Original assignee: National Semiconductor Corporation
Priority date: 1995-05-26
Filing date: 1996-05-16
Publication date: 1996-11-28
Also published as: EP0772829A1; KR970705086A

Abstract

Memory requests are made to a cache memory and an external memory controller during the same clock cycle when the bus connected to the external memory is available. By making both memory requests during the same clock cycle rather than first accessing the cache memory as is conventionally done, the cycle time lost when the request is not stored in the cache memory can be eliminated. The unneeded external memory requests that result each time the request is stored in the cache memory are eliminated by gating the request to the external memory controller with a logic signal output by the cache memory that indicates whether the request is present.

Description

A PIPELINED MICROPROCESSOR

THAT MAKES MEMORY REQUESTS TO A

CACHE MEMORY AND AN EXTERNAL MEMORY CONTROLLER

DURING THE SAME CLOCK CYCLE BACKGROUND OF THE INVENTION

1. Field of the Invention.

The present invention relates to pipelined microprocessors and, more particularly, to a pipelined microprocessor that makes memory requests to a cache memory and an external memory controller during the same clock cycle when the system bus that connects an external memory to the processor is available.

2. Description of the Related Art.

A pipelined microprocessor is a microprocessor that operates on instructions in stages so that, at each stage of the pipeline, a different function is performed on an instruction. As a result, multiple instructions move through the pipe at the same time much like to-be-assembled products move through a multistage assembly line.

FIG. 1 shows a block diagram that illustrates the flow of an instruction through a conventional pipelined processor. As shown in FIG. 1, the first stage in the pipe is a prefetch stage. In this stage, the to-be-executed instructions are retrieved from either a cache memory or an external memory, and are then sequentially loaded into a prefetch buffer. The purpose of the prefetch stage is to fill the prefetch buffer so that one instruction can be advanced to the decode stage, the next stage in the pipe, with each clock cycle.

In the decode stage, each instruction moving through the pipe is decoded to determine what operation is to be performed. After the decode stage, an operand stage determines if data will be needed to perform the operation and, if needed, retrieves the data from either one of several data registers, a data cache memory, or the external memory. Following this, the operation specified by the instruction is performed in an execution stage, while the results of the operation are stored in a write-back stage.

In the ideal case, each instruction is advanced from one stage to the next with each successive clock cycle. Thus, while it takes five clock cycles for an instruction to propagate through the pipeline, the processor appears to complete the execution of each instruction in only one clock cycle. One instruction which can stall the pipeline, or prevent instructions from advancing from one stage to the next with each clock cycle, is the branch instruction. With the branch instruction, the next instruction to be executed is determined by the outcome of the operation.
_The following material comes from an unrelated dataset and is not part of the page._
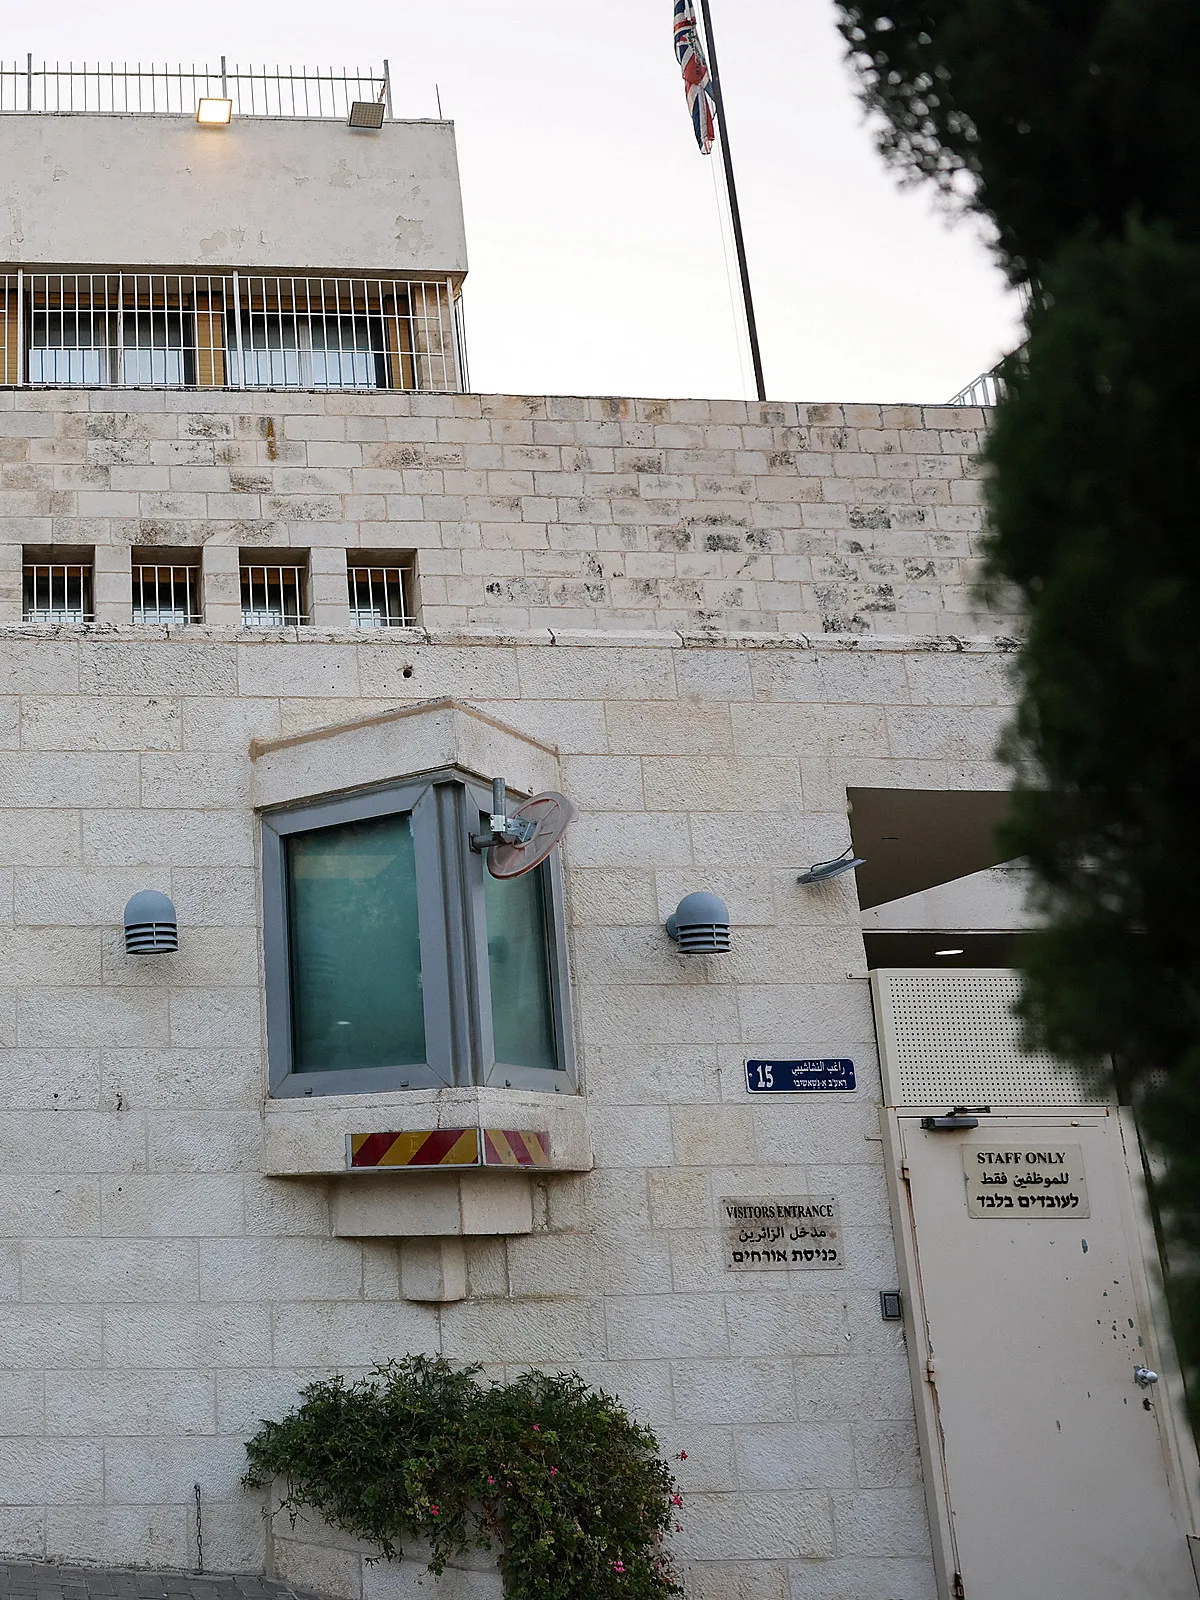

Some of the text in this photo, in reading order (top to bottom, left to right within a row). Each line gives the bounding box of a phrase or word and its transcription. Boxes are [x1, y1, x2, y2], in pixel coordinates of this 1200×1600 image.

If the outcome of the operation requires the next instruction in the pipe, then the pipeline continues to function as described above. However, if the outcome of the operation requires an instruction not currently in the pipe, then the instructions in the prefetch, decode, and operand stages must be flushed from the pipeline and replaced by the alternate instructions required by the branch condition.

To minimize the time consuming process of obtaining the alternate instructions from external memory, conventional pipelined processors utilize an on-chip instruction cache memory to store a limited number of instructions. As is well known, instructions can typically be retrieved from a cache memory in one clock cycle, while two to three clock cycles are typically required to retrieve instructions from an external memory. In addition, significantly more clock cycles can be consumed waiting for the bus if the bus is busy.

Because of the difference in cycle time in accessing cache memory versus external memory, as well as the penalities incurred with tying up the external bus and changing the page hit logic in a dynamic random-access-controller (DRAM), conventional processors first attempt to retrieve instructions from the cache memory when the condition of a branch instruction requires an instruction which is not in the pipeline. If the needed instruction is not in the cache memory, only then does the processor retrieve the instruction from the external memory.

One problem with this approach is that when the needed instruction is not stored in the cache memory, the processor must waste at least one clock cycle to establish this fact. One solution to this problem is to simply increase the size of the cache memory, thereby increasing the likelihood that the needed instruction will be stored in the cache memory.

The primary drawback to this solution is that a larger cache memory increases the size, cost, and complexity of the resulting circuit. Thus, there is a need for technique which will minimize the number of clock cycles that are wasted when the needed instruction is not stored in the cache memory.

SUMMARY OF THE INVENTION

In a conventional pipelined microprocessor, a memory request is first made to a cache memory and then, if the request is not stored in the cache memory, to an external memory. Thus, when the request is not stored in the cache memory, several clock cycles can be lost by first accessing the cache memory rather than the external memory. In the present invention, these lost clock cycles are eliminated by utilizing a dual memory access circuit that makes a memory request to both the cache memory and an external memory controller during the same clock cycle when the bus that connects the external memory to the processor is available.

By making both memory requests during the same clock cycle rather than first accessing the cache memory, the cycle time lost when the request is not stored in the cache memory can be eliminated. The unneeded external memory requests that result each time the request is stored in the cache memory are eliminated by gating the request to the external memory controller with a logic signal output by the cache memory that indicates whether the request is present.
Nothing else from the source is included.